=== Information shown ===

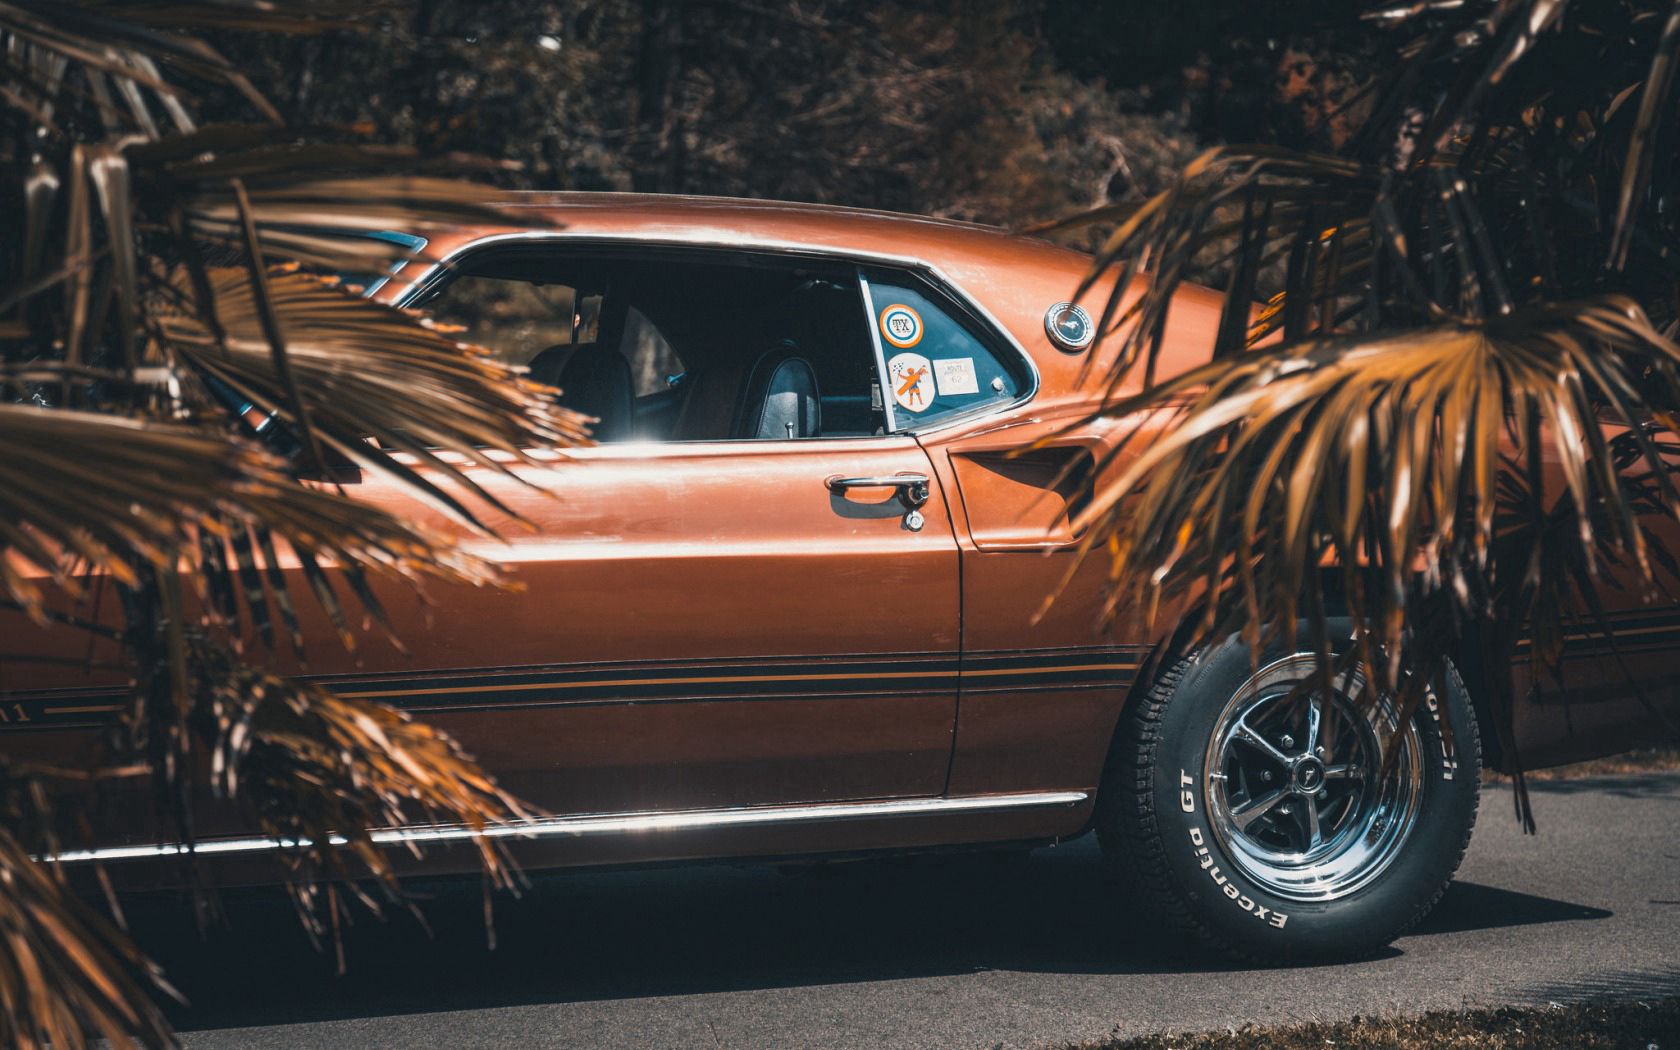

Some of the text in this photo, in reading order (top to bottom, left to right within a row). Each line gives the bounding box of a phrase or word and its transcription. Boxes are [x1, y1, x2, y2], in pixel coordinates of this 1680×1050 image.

[892, 318, 910, 331] TX
[1180, 768, 1289, 929] Excentia GT
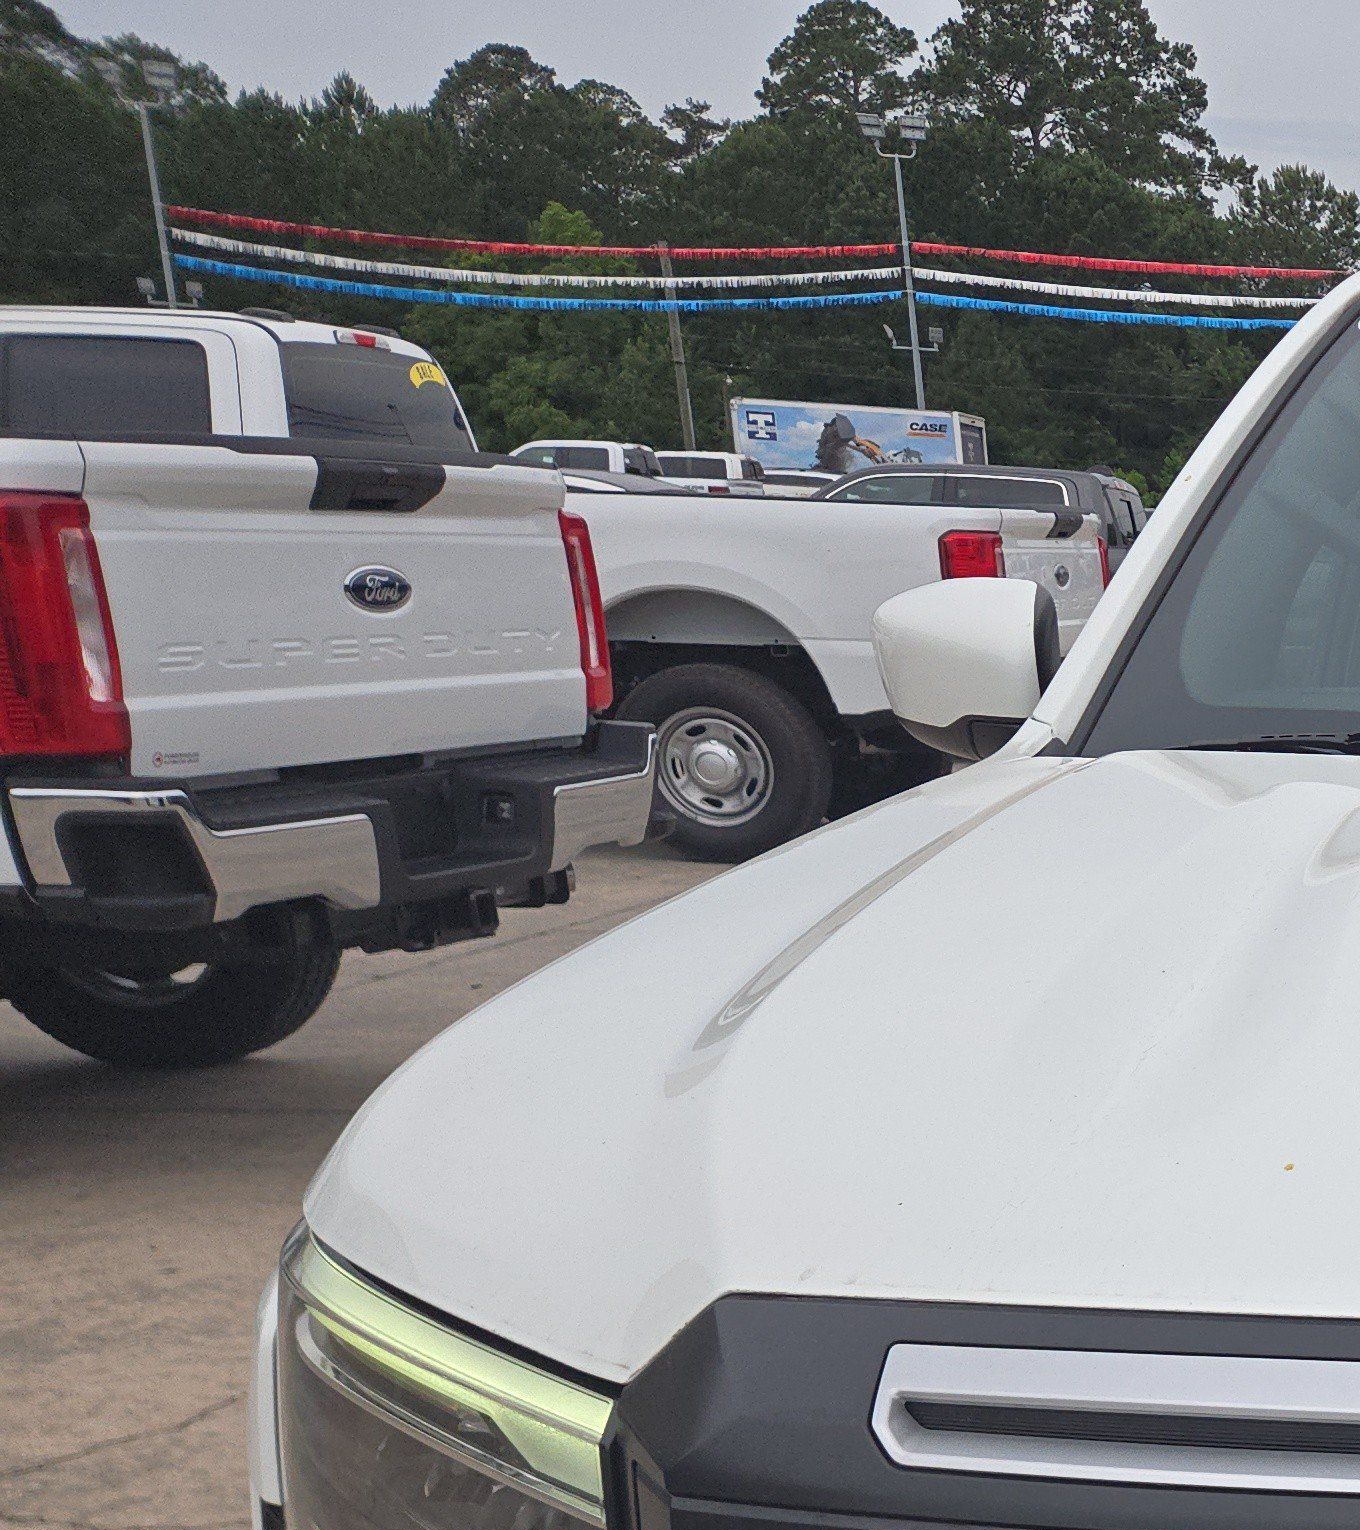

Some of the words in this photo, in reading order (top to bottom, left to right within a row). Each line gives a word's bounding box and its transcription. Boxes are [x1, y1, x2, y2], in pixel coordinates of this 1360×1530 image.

[909, 422, 948, 433] CASE
[364, 575, 400, 600] Ford
[158, 634, 406, 672] SUPER
[424, 631, 560, 657] DUTY

===

How to complete this task:
Although the records contain pictures, the output must hold only their exact wording.

Answer box:
Some of the text in this photo, in reading order (top to bottom, left to right within a row). Each line gives the bounding box of a phrase or word and its transcription. Boxes are [x1, y1, x2, y2], in pixel coordinates of this 1680×1050 image.

[892, 318, 910, 331] TX
[1180, 768, 1289, 929] Excentia GT

Some of the words in this photo, in reading order (top to bottom, left to right within a row). Each line gives a word's bounding box and its transcription. Boxes are [x1, y1, x2, y2], in pixel coordinates of this 1360×1530 image.

[909, 422, 948, 433] CASE
[364, 575, 400, 600] Ford
[158, 634, 406, 672] SUPER
[424, 631, 560, 657] DUTY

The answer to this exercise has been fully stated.